Traité de métaphysique/Édition Garnier
Œuvres complètes de VoltaireGarniertome 22 (p. 189-230).

TRAITÉ
DE MÉTAPHYSIQUE
(1734[1])

INTRODUCTION.
doutes sur l’homme.

Peu de gens s’avisent d’avoir une notion bien entendue de ce que c’est que l’homme. Les paysans d’une partie de l’Europe n’ont guère d’autre idée de notre espèce que celle d’un animal à deux pieds, ayant une peau bise, articulant quelques paroles, cultivant la terre, payant, sans savoir pourquoi, certains tributs à un autre animal qu’ils appellent roi, vendant leurs denrées le plus cher qu’ils peuvent, et s’assemblant certains jours de l’année pour chanter des prières dans une langue qu’ils n’entendent point.

Un roi regarde assez toute l’espèce humaine comme des êtres faits pour obéir à lui et à ses semblables. Une jeune Parisienne qui entre dans le monde n’y voit que ce qui peut servir à sa vanité ; et l’idée confuse qu’elle a du bonheur, et le fracas de tout ce qui l’entoure, empêchent son âme d’entendre la voix de tout le reste de la nature. Un jeune Turc, dans le silence du sérail, regarde les hommes comme des êtres supérieurs, obligés par une certaine loi à coucher tous les vendredis avec leurs esclaves ; et son imagination ne va pas beaucoup au delà. Un prêtre distingue l’univers entier en ecclésiastiques et en laïques, et il regarde sans difficulté la portion ecclésiastique comme la plus noble, et faite pour conduire l’autre, etc., etc.
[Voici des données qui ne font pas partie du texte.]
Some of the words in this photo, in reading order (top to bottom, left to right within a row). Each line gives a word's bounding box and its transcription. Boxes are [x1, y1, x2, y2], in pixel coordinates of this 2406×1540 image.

Si on croyait que les philosophes eussent des idées plus complètes de la nature humaine, on se tromperait beaucoup : car si vous en exceptez Hobbes, Locke, Descartes, Bayle, et un très-petit nombre d’esprits sages, tous les autres se font une opinion particulière sur l’homme aussi resserrée que celle du vulgaire, et seulement plus confuse. Demandez au P. Malebranche ce que c’est que l’homme : il vous répondra que c’est une substance faite à l’image de Dieu, fort gâtée depuis le péché originel, cependant plus unie à Dieu qu’à son corps, voyant tout en Dieu, pensant, sentant tout en Dieu.
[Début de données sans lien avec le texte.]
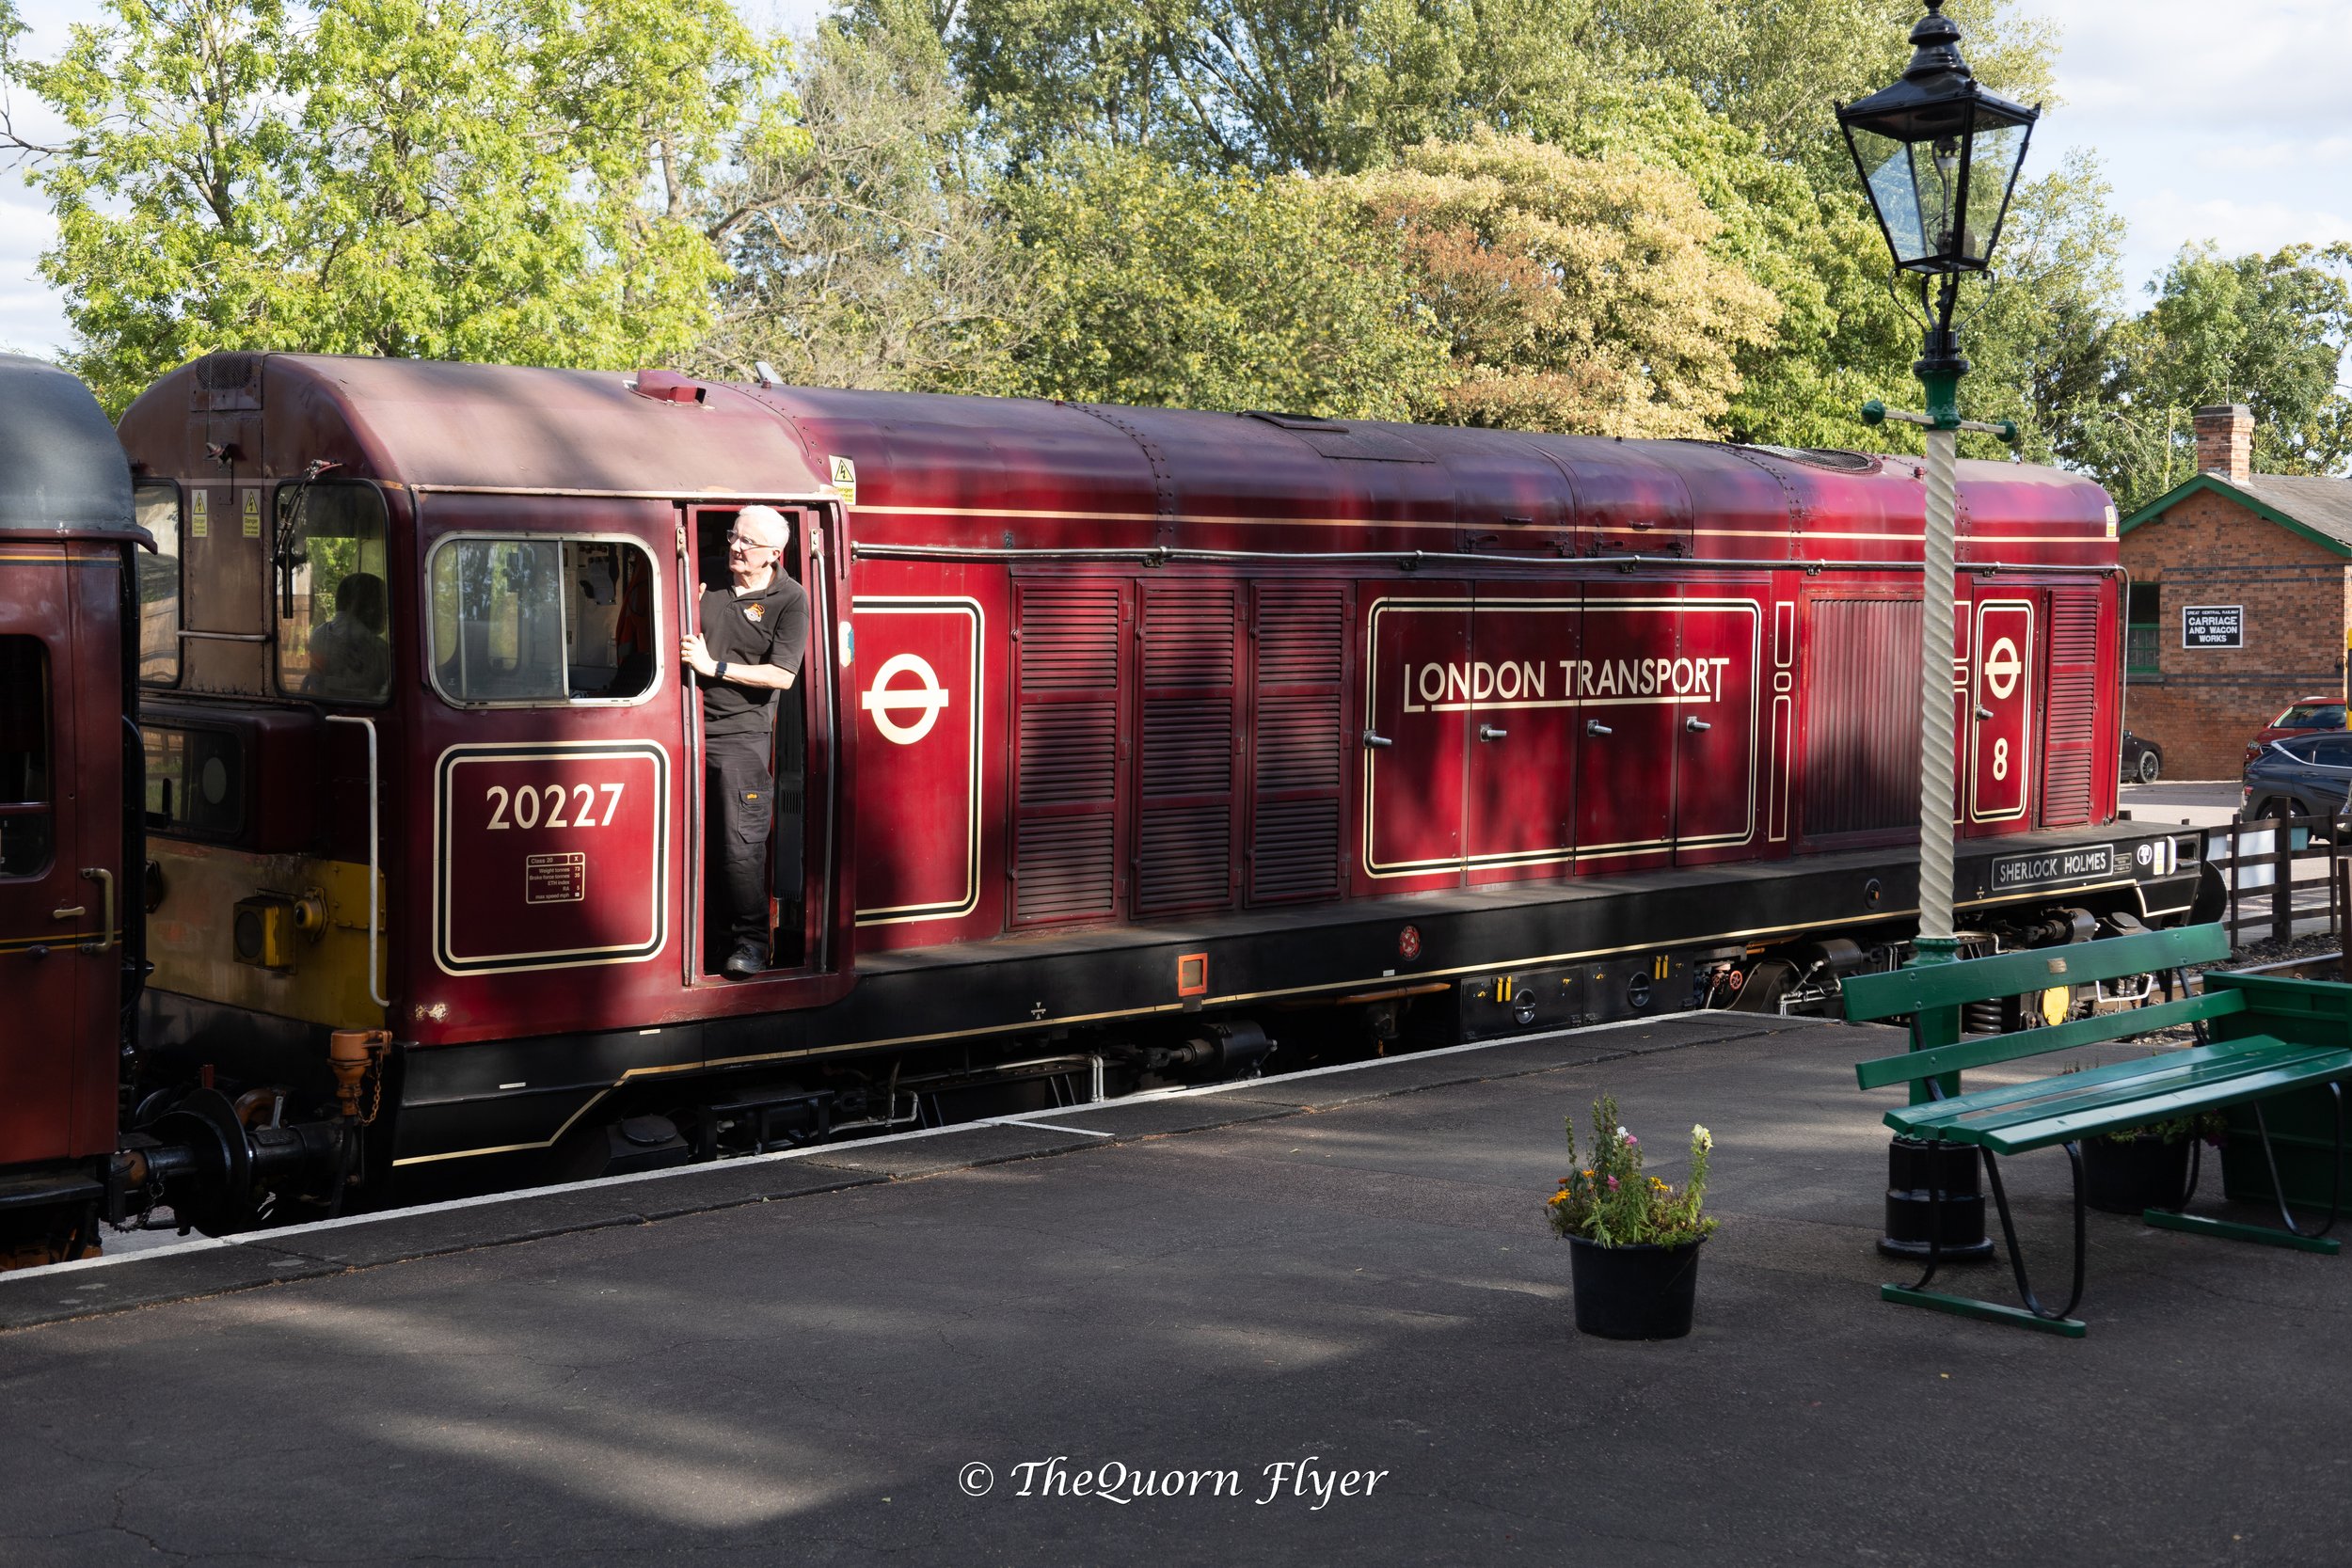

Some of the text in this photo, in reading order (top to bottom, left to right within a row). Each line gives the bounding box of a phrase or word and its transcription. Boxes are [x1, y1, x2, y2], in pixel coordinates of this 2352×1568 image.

Pascal regarde le monde entier comme un assemblage de méchants et de malheureux créés pour être damnés, parmi lesquels cependant Dieu a choisi de toute éternité quelques âmes, c’est-à-dire une sur cinq ou six millions, pour être sauvée.

L’un dit : L’homme est une âme unie à un corps ; et quand le corps est mort, l’âme vit toute seule pour jamais ; l’autre assure que l’homme est un corps qui pense nécessairement ; et ni l’un ni l’autre ne prouvent ce qu’ils avancent. Je voudrais, dans la recherche de l’homme, me conduire comme j’ai fait dans l’étude de l’astronomie : ma pensée se transporte quelquefois hors du globe de la terre, de dessus laquelle tous les mouvements célestes paraissent irréguliers et confus. Et après avoir observé le mouvement des planètes comme si j’étais dans le soleil, je compare les mouvements apparents que je vois sur la terre avec les mouvements véritables que je verrais si j’étais dans le soleil. De même je vais tâcher, en étudiant l’homme, de me mettre d’abord hors de sa sphère et hors d’intérêt, et de me défaire de tous les préjugés d’éducation, de patrie, et surtout des préjugés de philosophe.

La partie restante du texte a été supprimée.